Question

Twenty five grams of Iron 3 oxide react with an excess of carbon monoxide to form 15 g of Fe. Carbon dioxide is the other product. Calculate the theoretical yield and the percent yield of iron.

Answer 1

Answer:

Theoretical mass = 17.42 g

Percent yield of Fe = 86.11%

Explanation:

The equation for the reaction between iron (iii) oxide and carbon monoxide is given by;

Fe₂O₃(s) + 3CO(g) → 2Fe(s) + 3CO₂(g)

We are required to calculate the theoretical yield and the percentage yield of Iron.

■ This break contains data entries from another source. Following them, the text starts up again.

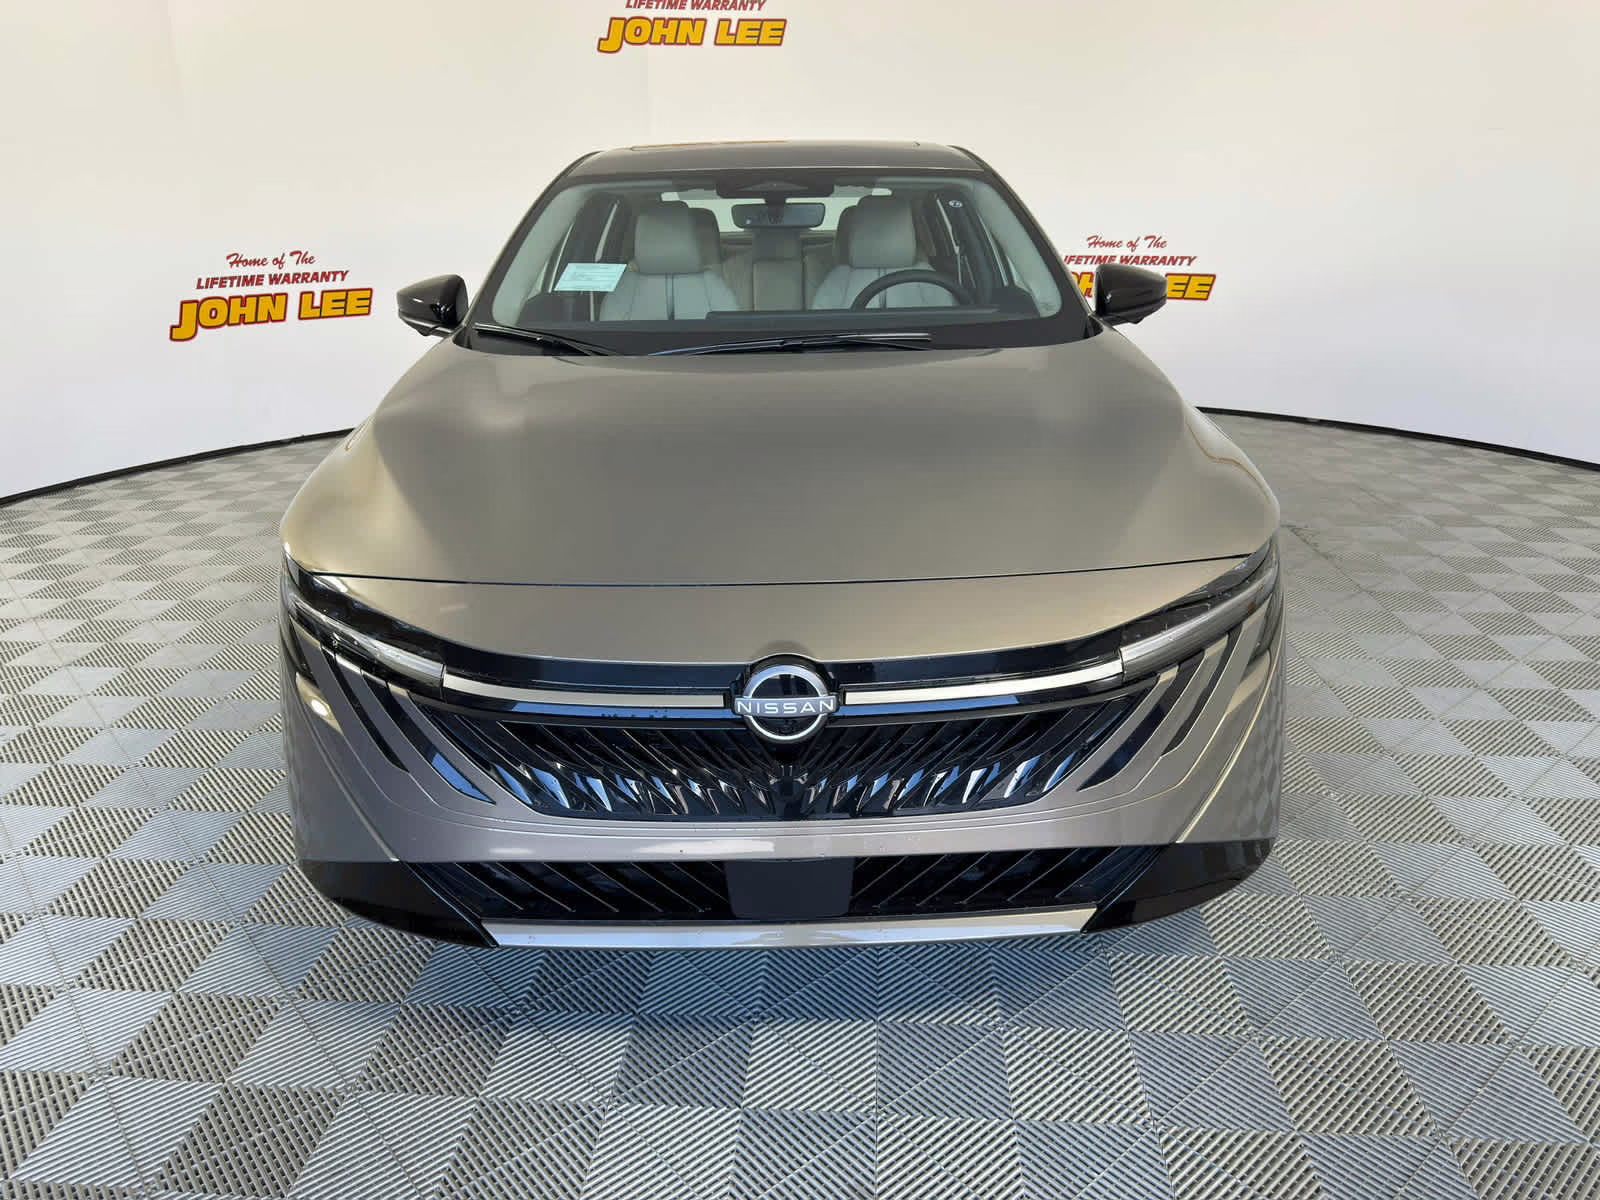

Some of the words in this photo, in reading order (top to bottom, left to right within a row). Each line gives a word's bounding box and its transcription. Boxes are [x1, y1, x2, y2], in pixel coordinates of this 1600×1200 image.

[625, 0, 687, 10] LIFETIME
[690, 0, 767, 11] WARRANTY
[598, 17, 707, 54] JOHN
[714, 18, 787, 46] LEE
[1086, 235, 1123, 249] Home
[1126, 237, 1140, 252] of
[1143, 235, 1168, 249] The
[226, 252, 269, 268] Home
[272, 253, 286, 270] of
[290, 250, 316, 266] The
[1063, 255, 1117, 265] IFETIME
[1119, 255, 1198, 267] WARRANTY
[195, 273, 265, 290] LIFETIME
[268, 270, 350, 286] WARRANTY
[1165, 273, 1217, 301] EE
[170, 292, 289, 342] JOHN
[298, 288, 373, 320] LEE
[737, 698, 834, 714] NISSAN
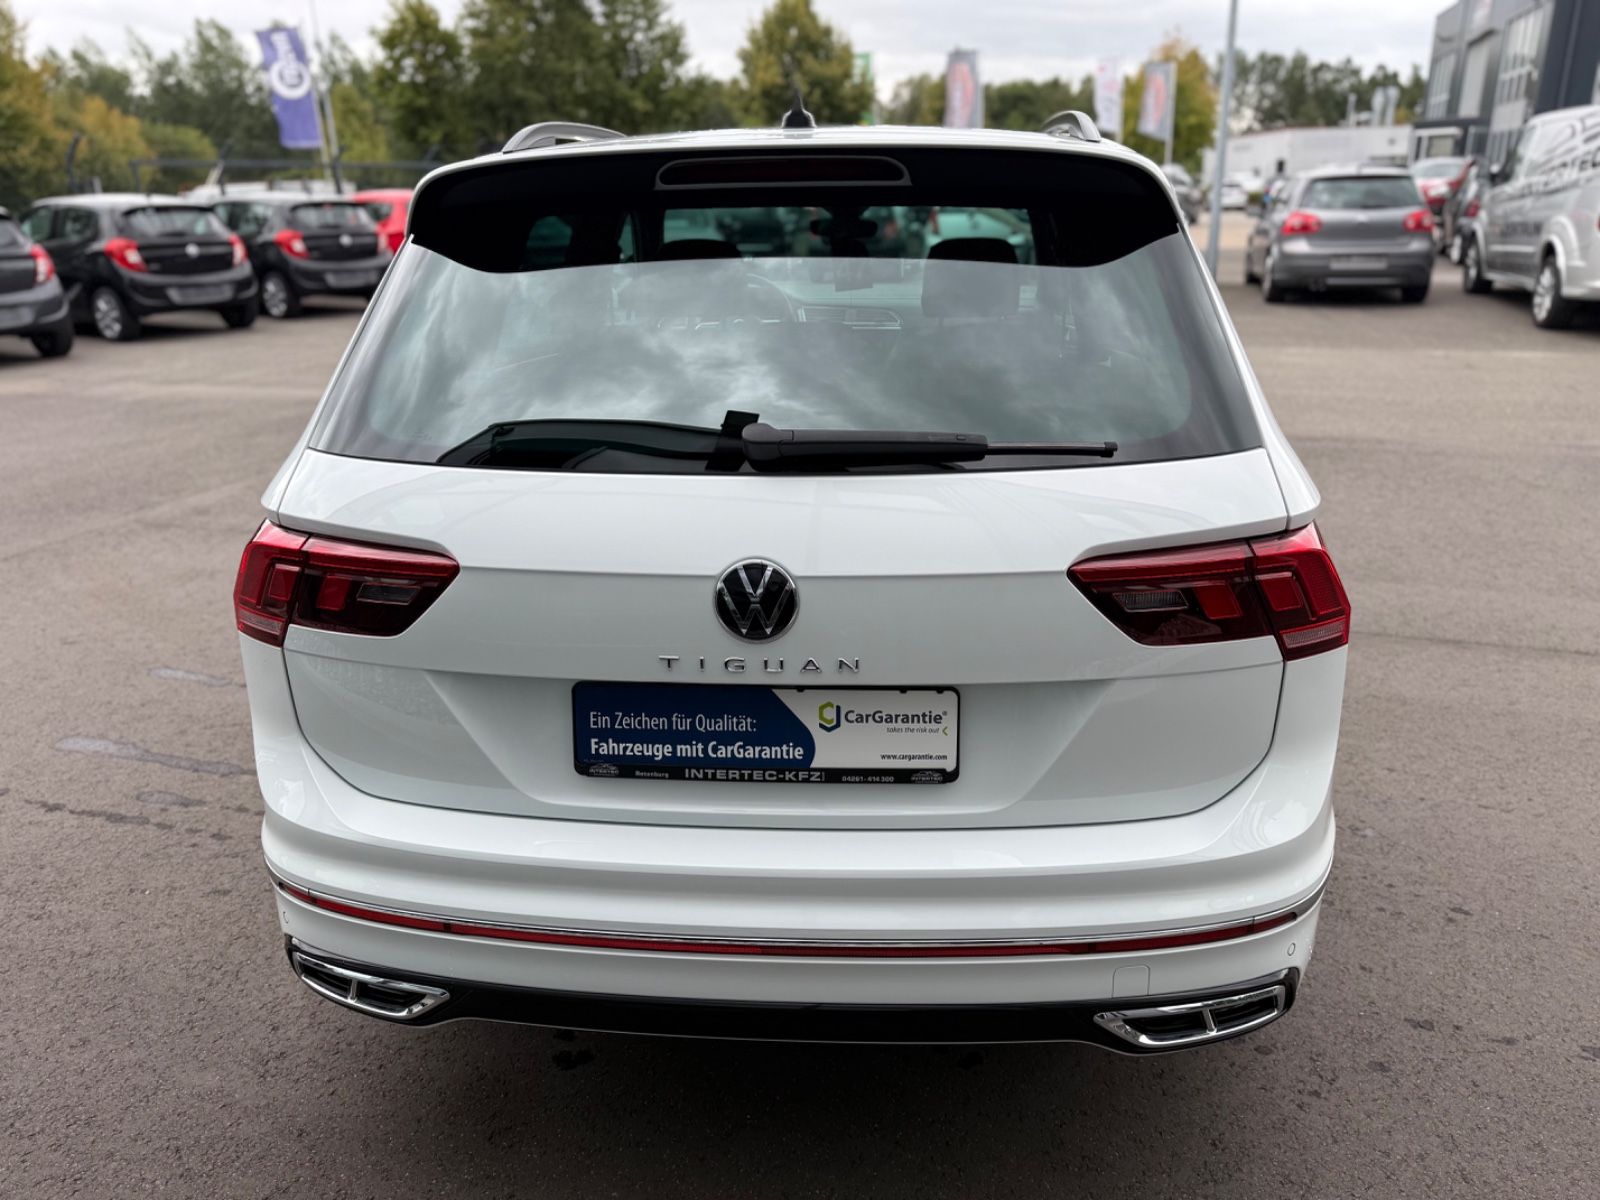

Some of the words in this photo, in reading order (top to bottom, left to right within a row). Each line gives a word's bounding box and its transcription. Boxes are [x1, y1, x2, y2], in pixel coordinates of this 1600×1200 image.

Step 1: Moles of iron (iii) oxide

Moles are given by dividing the mass of the compound by the molar mass.

Molar mass of Iron(iii) oxide = 159.69 g/mol

Moles of Iron(III) oxide = 25 g ÷ 159.69 g/mol

                                     = 0.156 moles

Step 2: Moles of Iron produced

From the equation 1 mole of Iron(iii) oxide reacts to produce 2 moles of Fe.

Therefore, the mole ratio of Fe₂O₃ to Fe is 1 : 2.

Thus, moles of Fe = Moles of Fe₂O₃ × 2

                              = 0.156 moles × 2

                              = 0.312 moles

Step 3: Theoretical mass of iron produced

To calculate the mass of iron we multiply the number of moles of iron with the relative atomic mass.

Relative atomic mass = 55.845

Mass of iron = 0.312 moles × 55.845

                    = 17.42 g

Step 4: Percent yield of iron

% yield = (Actual mass ÷ Theoretical mass)×100

            = (15 g ÷ 17.42 g) × 100 %

            = 86.11%